In the year following the horrific February 2018 school shooting in Parkland, Florida, 1,200 children were killed by guns in the United States. But while the Parkland shooting made headlines for weeks, many of these other young victims received little attention. Now, an interactive website called Since Parkland aims to tell each one of their stories. The Trace, a digital news organization that covers gun violence, teamed with the Miami Herald and 200 teenage reporters to gather as much information as possible about each child, sourcing mostly from online obituaries, GoFundMe campaigns, and social media accounts. Some of the more advanced young journalists also reached out to the kids’ family members and friends. The teens “bring with them an undeniable moral weight to their reporting,” says Akoto Ofori-Atta (below, second from right), The Trace’s managing editor, who led the project.

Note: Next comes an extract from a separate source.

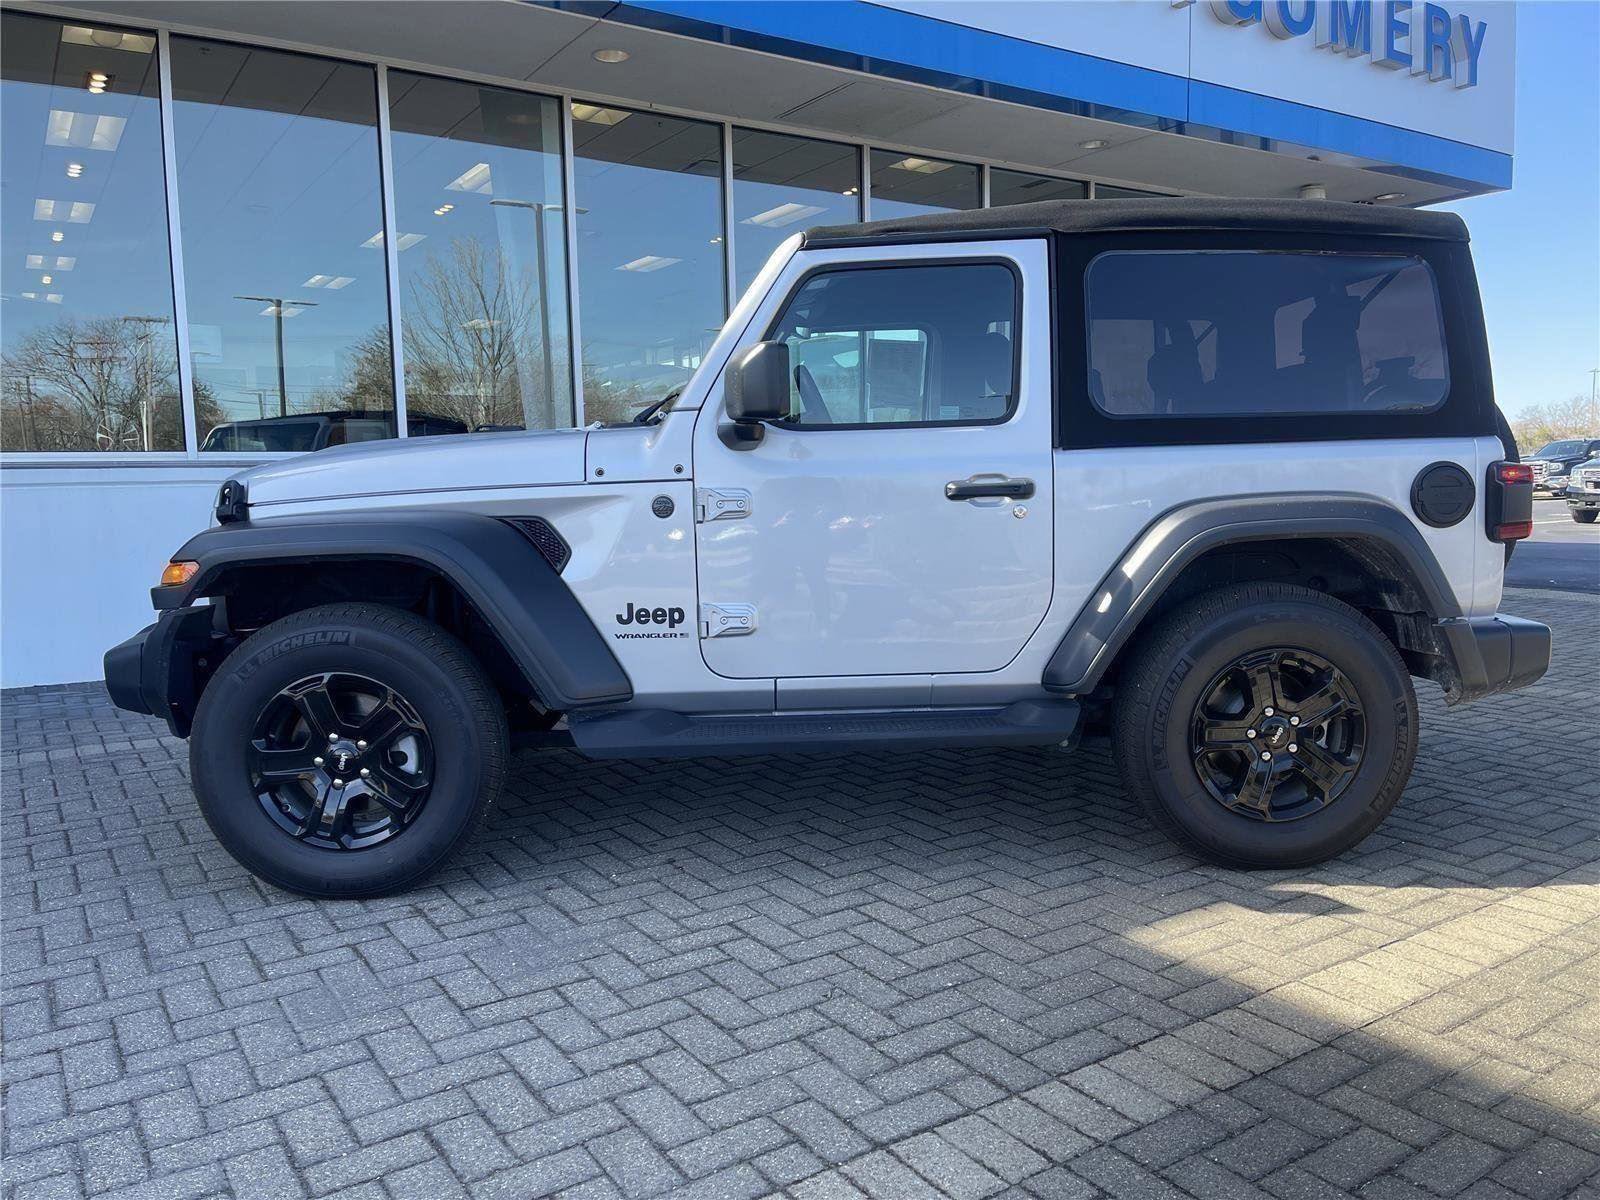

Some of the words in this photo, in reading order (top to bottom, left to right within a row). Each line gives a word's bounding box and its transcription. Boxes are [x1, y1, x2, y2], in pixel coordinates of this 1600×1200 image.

Since Parkland conveys the sheer enormity of the loss of these 1,200 young people, but it also celebrates their lives. The website, designed by the studio Upstatement and launched a year after the shooting, sorts obituaries by a defining part of each young victim: that she was a jokester, a promising athlete, a sibling, a friend. The stories appear in a randomized fashion as you scroll through the site, and users can also search by name or state. Some of the entries have pictures, and the children who don’t have one are represented by a star shape algorithmically determined by the person’s age, the number of letters in their name, and other attributes. “It furthered the mission of this project: to drive home the uniqueness of each and every one of these young people,” Ofori-Atta says. The project was shared by politicians like Chuck Schumer and Gabrielle Giffords, and Since Parkland’s website received nearly half a million page views during the launch week.
A version of this article appeared in the October 2019 issue of Fast Company magazine.